An investigation of the Fluid-Structure Interaction in articular cartilage across disparate scales

不同尺度关节软骨流固相互作用的研究

• 批准号: 2435099
• 金额: --
• 依托单位: University of Leeds
• 依托单位国家: 英国
• 项目类别: Studentship
• 财政年份: 2020
• 资助国家: 英国
• 起止时间: 2020 至 无数据
• 项目状态: 未结题
• 来源: https://gtr.ukri.org/projects?ref=studentship-2435099
• 关键词: investigation; Fluid; Structure; Interaction; articular

This project will bring together multiple components to effectively describe the Fluid-Structure Interaction of cartilage across disparate scales. A critical path toward the coupling of simulations at different scales, experimental validation, and clinical relevance will be ascertained and specific focus placed on modelling aspects where necessary. The desired outcomes are: - A 3D microscopic model of immersed fibrous networks which accurately describes the behaviour of cartilage. Selection of the comprising viscoelastic solid structure by exploring simple Hookean springs, semi-flexible polymers, and biopolymers; - Delineated parameter regimes of microscale models from which the necessary terms in the continuum equations of macroscale poroelasticity can be faithfully described. Determine the separation of scales required and investigate a range of mechanisms to facilitate coupling; - Validation of model predictions by experimentation of cartilage samples under load. Extend current laboratory protocol for compression testing of poroelastic materials to cartilage.
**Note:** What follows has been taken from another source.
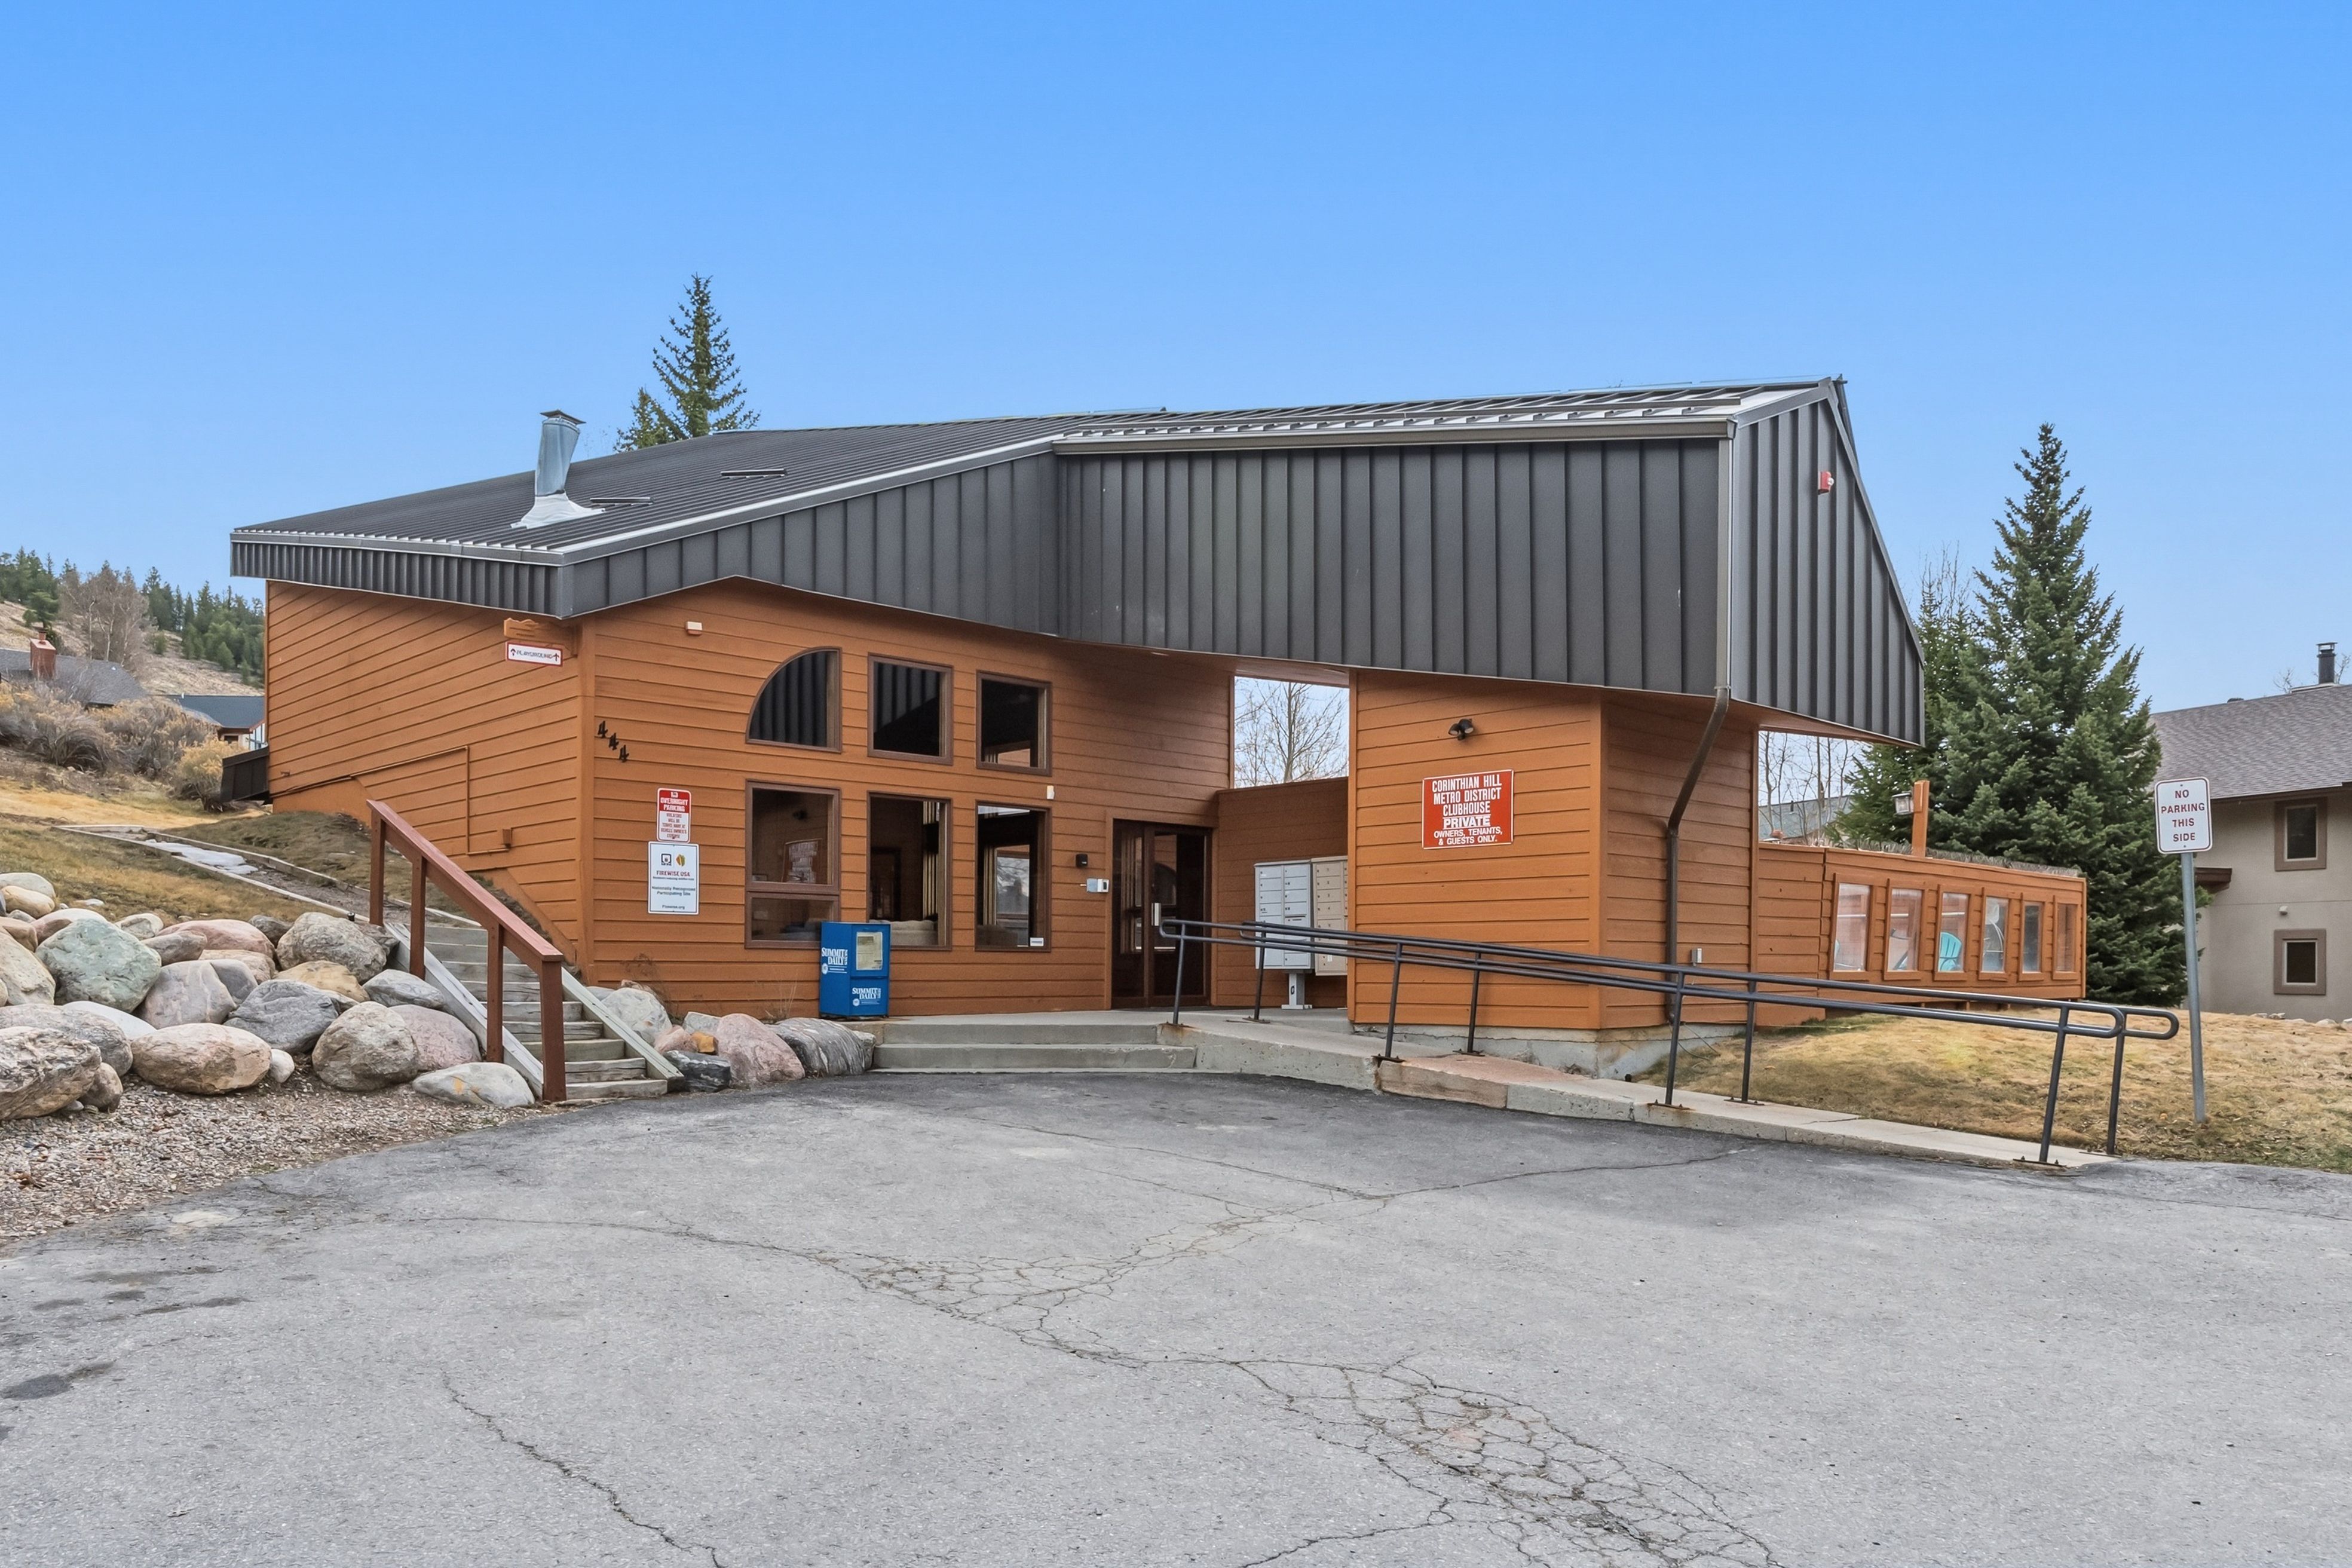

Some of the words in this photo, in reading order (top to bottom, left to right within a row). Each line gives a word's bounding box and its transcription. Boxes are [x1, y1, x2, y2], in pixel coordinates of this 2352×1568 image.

Perform measurements of load versus displacement for operating conditions representative of natural joints; - Uptake by clinicians of the techniques developed under their guidance, enhance the current technology used for the treatment of joint health; - A framework that can be modified to investigate other systems of interest related to fluid flow through deformable porous materials.
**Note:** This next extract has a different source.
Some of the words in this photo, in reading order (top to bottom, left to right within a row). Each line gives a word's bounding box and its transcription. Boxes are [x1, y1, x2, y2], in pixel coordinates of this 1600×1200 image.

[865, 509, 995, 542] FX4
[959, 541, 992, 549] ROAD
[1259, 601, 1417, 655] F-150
该项目将汇集多个组件，以有效地描述不同尺度的软骨的流固相互作用。将确定不同规模的模拟耦合、实验验证和临床相关性的关键路径，并在必要时特别关注建模方面。期望的结果是： - 浸入式纤维网络的 3D 微观模型，准确描述软骨的行为。通过探索简单的胡克弹簧、半柔性聚合物和生物聚合物来选择包含粘弹性固体结构； - 描绘微观模型的参数范围，从中可以忠实地描述宏观孔隙弹性连续方程中的必要项。确定所需的尺度分离并研究一系列促进耦合的机制； - 通过在负载下对软骨样本进行实验来验证模型预测。将多孔弹性材料压缩测试的当前实验室协议扩展到软骨。对代表自然接缝的操作条件进行负载与位移的测量； - 临床医生采用在他们的指导下开发的技术，增强当前用于治疗关节健康的技术； - 一个可以修改的框架，用于研究与通过可变形多孔材料的流体流动相关的其他感兴趣的系统。